Dataset entries
__________
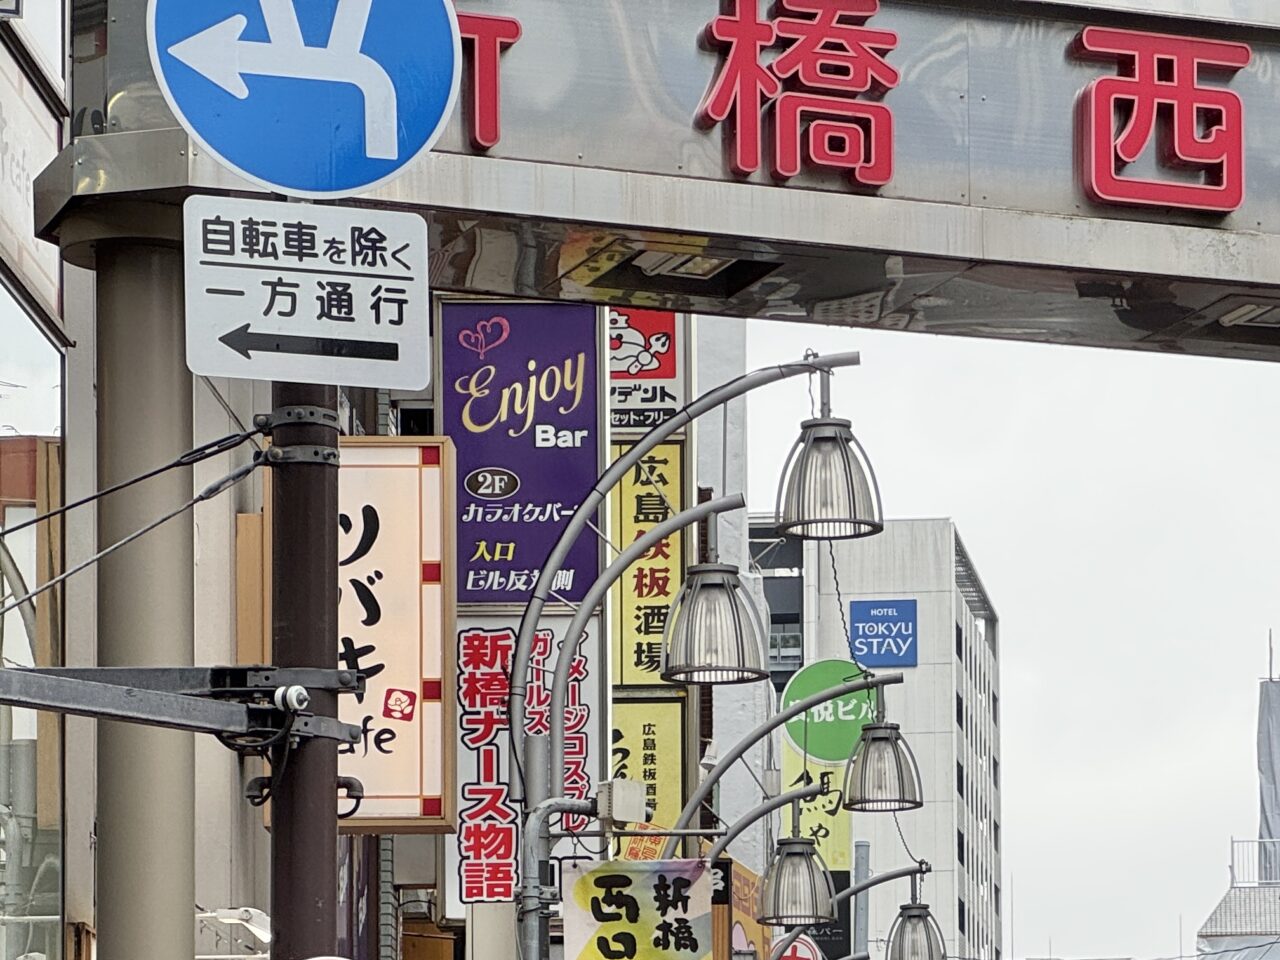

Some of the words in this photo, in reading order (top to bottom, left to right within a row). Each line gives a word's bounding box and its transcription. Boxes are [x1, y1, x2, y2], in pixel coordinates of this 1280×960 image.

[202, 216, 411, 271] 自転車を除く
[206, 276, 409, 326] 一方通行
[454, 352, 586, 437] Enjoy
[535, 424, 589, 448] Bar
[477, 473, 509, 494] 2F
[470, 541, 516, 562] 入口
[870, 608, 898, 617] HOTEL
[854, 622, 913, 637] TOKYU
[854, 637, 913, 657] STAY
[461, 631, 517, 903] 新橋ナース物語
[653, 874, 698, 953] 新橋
__________
Work instructions
Output every entry word for word, but omit the pictures.

Answer box
Some of the words in this photo, in reading order (top to bottom, left to right within a row). Each line gives a word's bounding box and its transcription. Boxes are [x1, y1, x2, y2], in pixel coordinates of this 1280×960 image.

[202, 216, 411, 271] 自転車を除く
[206, 276, 409, 326] 一方通行
[454, 352, 586, 437] Enjoy
[535, 424, 589, 448] Bar
[477, 473, 509, 494] 2F
[470, 541, 516, 562] 入口
[870, 608, 898, 617] HOTEL
[854, 622, 913, 637] TOKYU
[854, 637, 913, 657] STAY
[461, 631, 517, 903] 新橋ナース物語
[653, 874, 698, 953] 新橋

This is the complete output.